(Annotated photo localization data)
*** Block opens ***
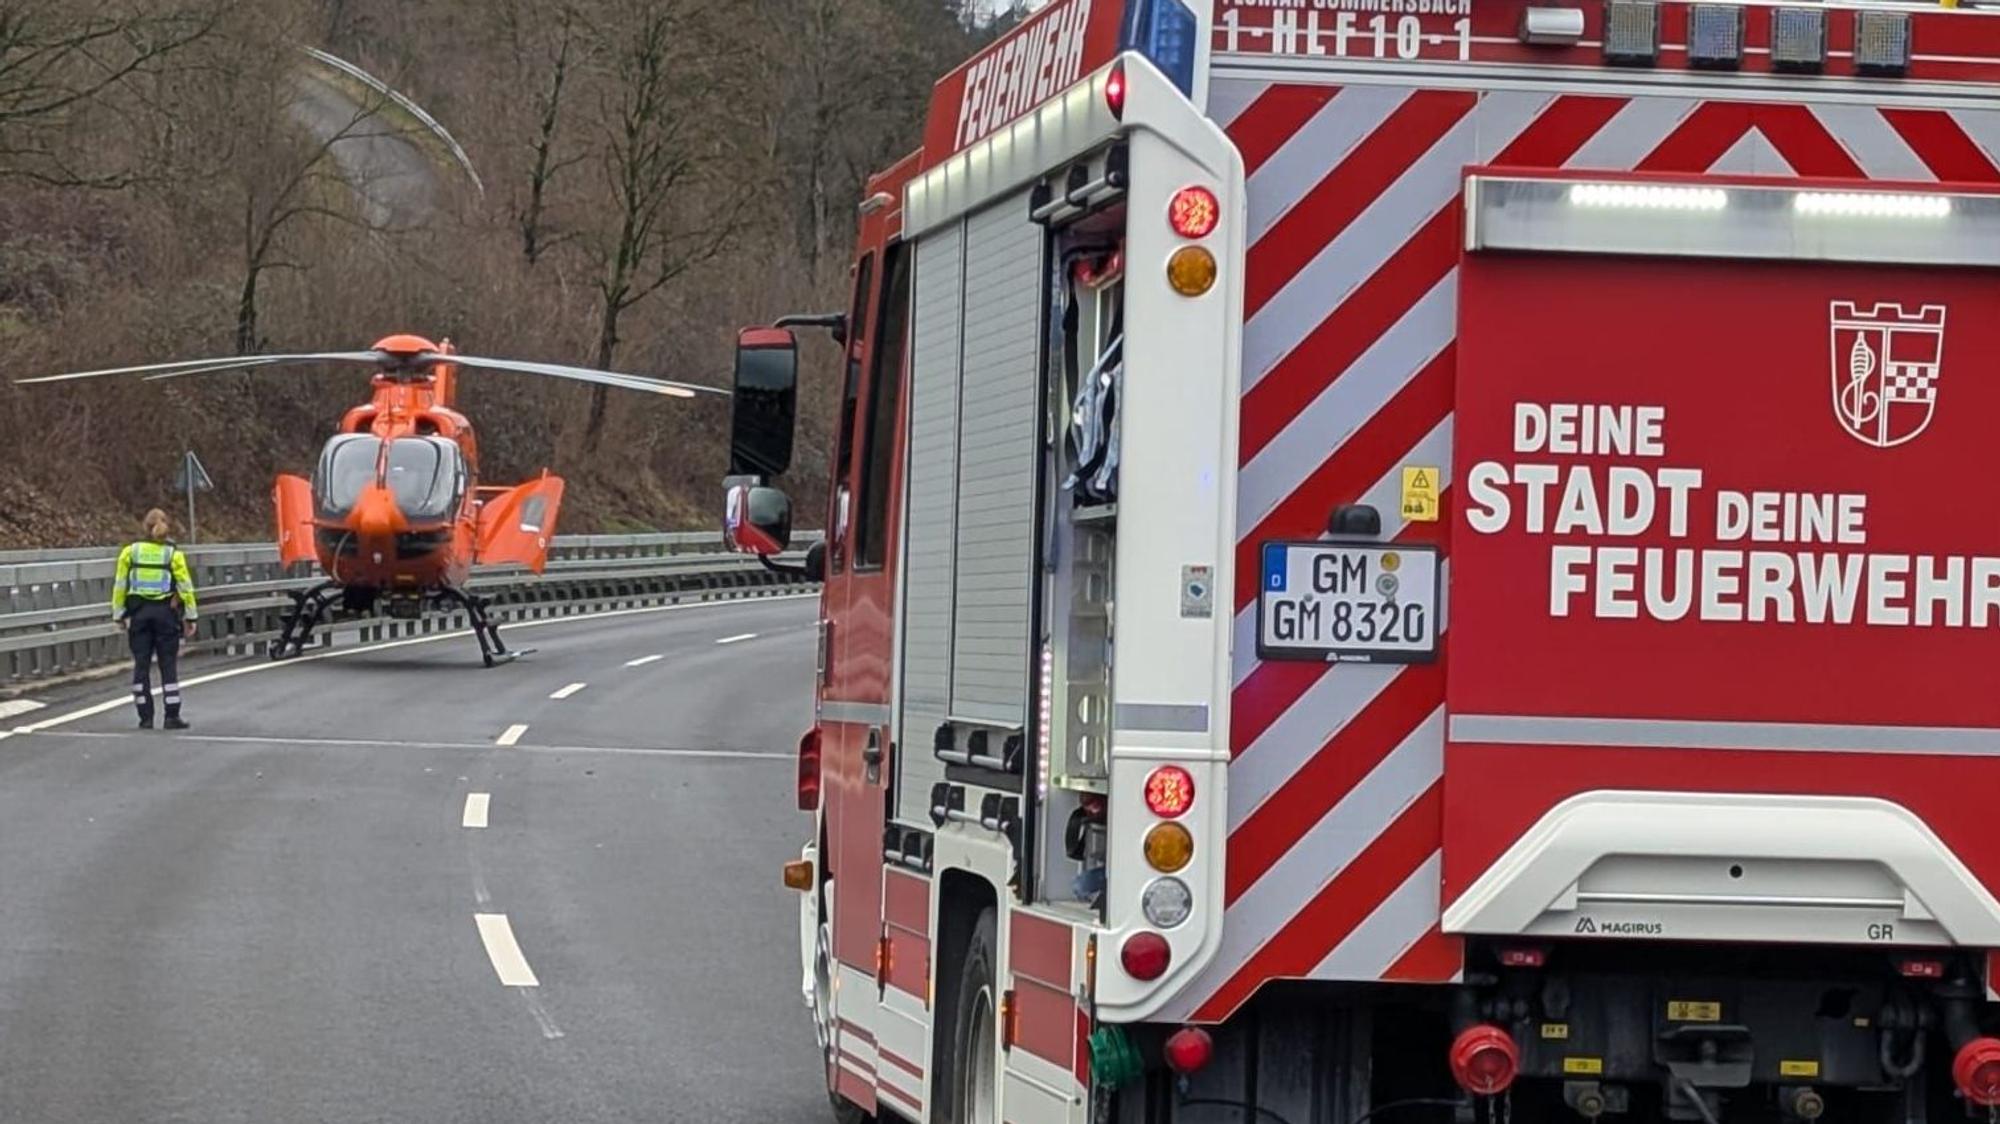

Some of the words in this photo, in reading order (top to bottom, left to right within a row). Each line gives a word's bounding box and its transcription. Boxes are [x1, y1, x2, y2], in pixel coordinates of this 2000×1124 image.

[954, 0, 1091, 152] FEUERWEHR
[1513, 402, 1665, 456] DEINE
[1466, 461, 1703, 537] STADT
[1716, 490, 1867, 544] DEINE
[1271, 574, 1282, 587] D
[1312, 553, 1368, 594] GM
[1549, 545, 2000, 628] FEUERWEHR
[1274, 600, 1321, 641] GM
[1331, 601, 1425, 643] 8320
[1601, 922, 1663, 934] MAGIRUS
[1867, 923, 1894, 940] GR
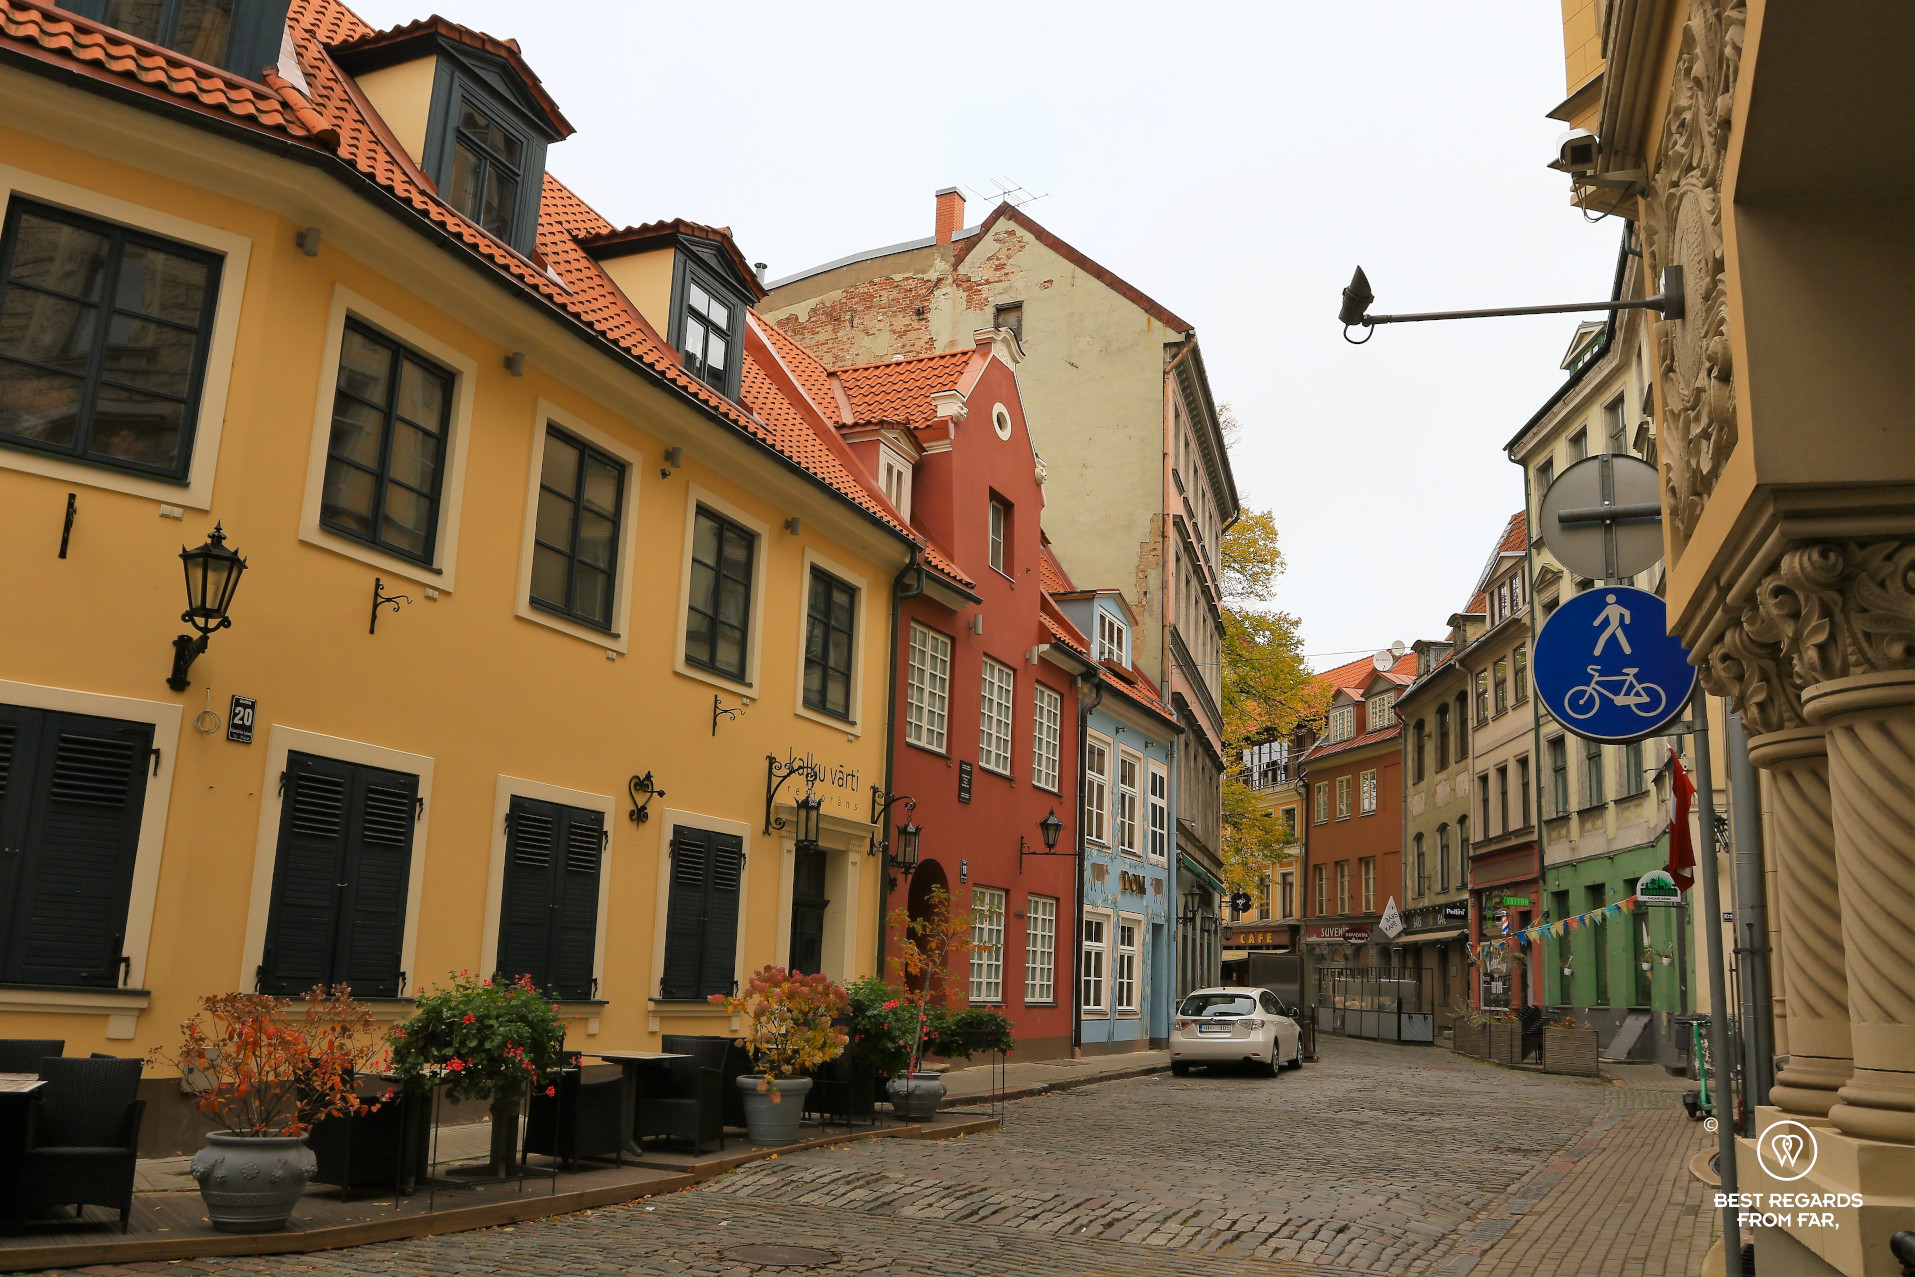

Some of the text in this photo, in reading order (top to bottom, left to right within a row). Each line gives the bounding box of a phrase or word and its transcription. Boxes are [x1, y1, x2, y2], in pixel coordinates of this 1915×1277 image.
*** Block closes ***
§ TASK TO CARRY OUT
Return every record exactly. Pictures stay out.

§ ANSWER FOR THIS EXERCISE
Some of the words in this photo, in reading order (top to bottom, left to right within a row). Each line gives a word's bounding box and its transcription. Boxes are [x1, y1, x2, y2], in pixel coordinates of this 2000×1124 image.

[954, 0, 1091, 152] FEUERWEHR
[1513, 402, 1665, 456] DEINE
[1466, 461, 1703, 537] STADT
[1716, 490, 1867, 544] DEINE
[1271, 574, 1282, 587] D
[1312, 553, 1368, 594] GM
[1549, 545, 2000, 628] FEUERWEHR
[1274, 600, 1321, 641] GM
[1331, 601, 1425, 643] 8320
[1601, 922, 1663, 934] MAGIRUS
[1867, 923, 1894, 940] GR

Some of the text in this photo, in reading order (top to bottom, left to right within a row). Each line gives the bounding box of a phrase or word and its transcription. Boxes are [x1, y1, x2, y2], in pixel coordinates of this 1915×1277 image.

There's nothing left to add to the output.